--- INFORMATION SUPPLIED Enclosed Below ---

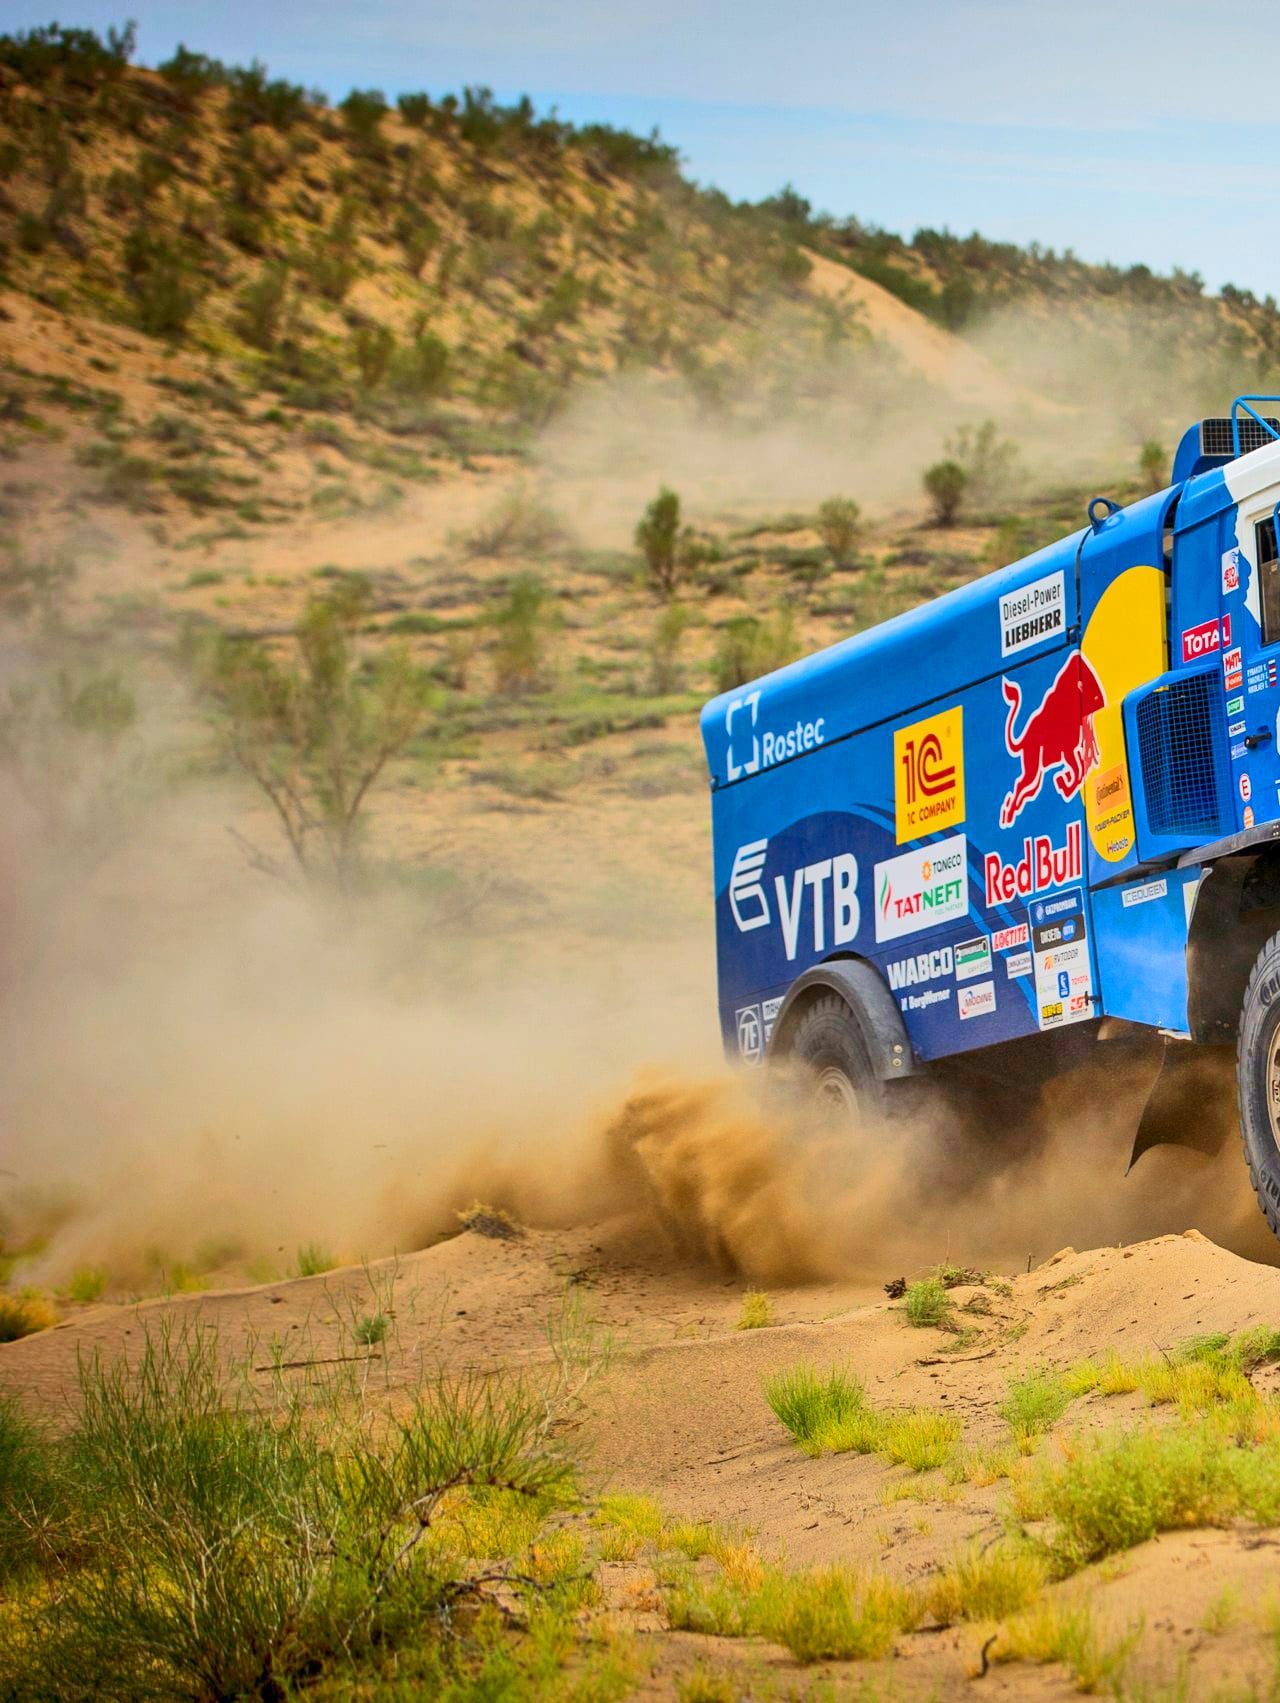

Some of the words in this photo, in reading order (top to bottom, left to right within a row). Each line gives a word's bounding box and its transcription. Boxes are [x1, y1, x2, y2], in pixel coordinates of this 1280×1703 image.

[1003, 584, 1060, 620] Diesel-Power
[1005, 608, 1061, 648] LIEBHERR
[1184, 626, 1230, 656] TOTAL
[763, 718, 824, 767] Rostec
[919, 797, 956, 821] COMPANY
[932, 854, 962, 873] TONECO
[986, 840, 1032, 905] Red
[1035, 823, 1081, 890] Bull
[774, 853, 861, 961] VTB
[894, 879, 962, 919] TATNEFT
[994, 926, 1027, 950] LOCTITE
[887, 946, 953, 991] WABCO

--- End of Enclosed INFORMATION SUPPLIED ---

### WHAT THE EXERCISE ASKS
Reproduce the lines above exactly, image-free.

### EXPECTED OUTPUT
Some of the words in this photo, in reading order (top to bottom, left to right within a row). Each line gives a word's bounding box and its transcription. Boxes are [x1, y1, x2, y2], in pixel coordinates of this 1280×1703 image.

[1003, 584, 1060, 620] Diesel-Power
[1005, 608, 1061, 648] LIEBHERR
[1184, 626, 1230, 656] TOTAL
[763, 718, 824, 767] Rostec
[919, 797, 956, 821] COMPANY
[932, 854, 962, 873] TONECO
[986, 840, 1032, 905] Red
[1035, 823, 1081, 890] Bull
[774, 853, 861, 961] VTB
[894, 879, 962, 919] TATNEFT
[994, 926, 1027, 950] LOCTITE
[887, 946, 953, 991] WABCO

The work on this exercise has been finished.